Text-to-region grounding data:
════════════════

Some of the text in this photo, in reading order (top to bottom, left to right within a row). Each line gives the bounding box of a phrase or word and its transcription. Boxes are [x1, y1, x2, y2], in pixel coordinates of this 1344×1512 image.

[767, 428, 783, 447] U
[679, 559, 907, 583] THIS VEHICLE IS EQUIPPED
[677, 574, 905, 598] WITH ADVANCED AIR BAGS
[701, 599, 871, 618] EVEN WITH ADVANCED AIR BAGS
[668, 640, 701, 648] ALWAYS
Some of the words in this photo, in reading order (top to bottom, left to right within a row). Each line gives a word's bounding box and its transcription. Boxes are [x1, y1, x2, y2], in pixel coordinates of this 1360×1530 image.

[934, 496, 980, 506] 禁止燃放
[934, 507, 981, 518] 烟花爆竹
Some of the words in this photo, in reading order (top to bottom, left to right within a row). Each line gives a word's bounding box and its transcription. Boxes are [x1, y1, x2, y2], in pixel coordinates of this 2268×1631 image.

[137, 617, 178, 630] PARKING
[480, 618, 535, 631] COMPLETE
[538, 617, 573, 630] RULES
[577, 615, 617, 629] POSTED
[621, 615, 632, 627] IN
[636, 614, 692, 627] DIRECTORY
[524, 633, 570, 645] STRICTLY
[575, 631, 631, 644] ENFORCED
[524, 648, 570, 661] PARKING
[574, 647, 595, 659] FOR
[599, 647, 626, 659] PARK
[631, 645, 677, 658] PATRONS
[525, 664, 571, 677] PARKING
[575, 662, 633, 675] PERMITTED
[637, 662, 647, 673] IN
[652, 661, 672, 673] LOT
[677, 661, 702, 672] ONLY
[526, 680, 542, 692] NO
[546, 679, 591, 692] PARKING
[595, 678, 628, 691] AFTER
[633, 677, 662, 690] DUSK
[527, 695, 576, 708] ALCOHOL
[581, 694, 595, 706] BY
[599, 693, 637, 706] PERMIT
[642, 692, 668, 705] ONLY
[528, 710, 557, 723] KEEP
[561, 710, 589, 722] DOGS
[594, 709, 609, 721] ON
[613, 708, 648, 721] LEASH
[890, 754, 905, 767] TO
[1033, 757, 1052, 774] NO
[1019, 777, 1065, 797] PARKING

════════════════

* Brief *
The task requires each record above to be restated exactly.

* Solution for this problem *
Some of the text in this photo, in reading order (top to bottom, left to right within a row). Each line gives the bounding box of a phrase or word and its transcription. Boxes are [x1, y1, x2, y2], in pixel coordinates of this 1344×1512 image.

[767, 428, 783, 447] U
[679, 559, 907, 583] THIS VEHICLE IS EQUIPPED
[677, 574, 905, 598] WITH ADVANCED AIR BAGS
[701, 599, 871, 618] EVEN WITH ADVANCED AIR BAGS
[668, 640, 701, 648] ALWAYS
Some of the words in this photo, in reading order (top to bottom, left to right within a row). Each line gives a word's bounding box and its transcription. Boxes are [x1, y1, x2, y2], in pixel coordinates of this 1360×1530 image.

[934, 496, 980, 506] 禁止燃放
[934, 507, 981, 518] 烟花爆竹
Some of the words in this photo, in reading order (top to bottom, left to right within a row). Each line gives a word's bounding box and its transcription. Boxes are [x1, y1, x2, y2], in pixel coordinates of this 2268×1631 image.

[137, 617, 178, 630] PARKING
[480, 618, 535, 631] COMPLETE
[538, 617, 573, 630] RULES
[577, 615, 617, 629] POSTED
[621, 615, 632, 627] IN
[636, 614, 692, 627] DIRECTORY
[524, 633, 570, 645] STRICTLY
[575, 631, 631, 644] ENFORCED
[524, 648, 570, 661] PARKING
[574, 647, 595, 659] FOR
[599, 647, 626, 659] PARK
[631, 645, 677, 658] PATRONS
[525, 664, 571, 677] PARKING
[575, 662, 633, 675] PERMITTED
[637, 662, 647, 673] IN
[652, 661, 672, 673] LOT
[677, 661, 702, 672] ONLY
[526, 680, 542, 692] NO
[546, 679, 591, 692] PARKING
[595, 678, 628, 691] AFTER
[633, 677, 662, 690] DUSK
[527, 695, 576, 708] ALCOHOL
[581, 694, 595, 706] BY
[599, 693, 637, 706] PERMIT
[642, 692, 668, 705] ONLY
[528, 710, 557, 723] KEEP
[561, 710, 589, 722] DOGS
[594, 709, 609, 721] ON
[613, 708, 648, 721] LEASH
[890, 754, 905, 767] TO
[1033, 757, 1052, 774] NO
[1019, 777, 1065, 797] PARKING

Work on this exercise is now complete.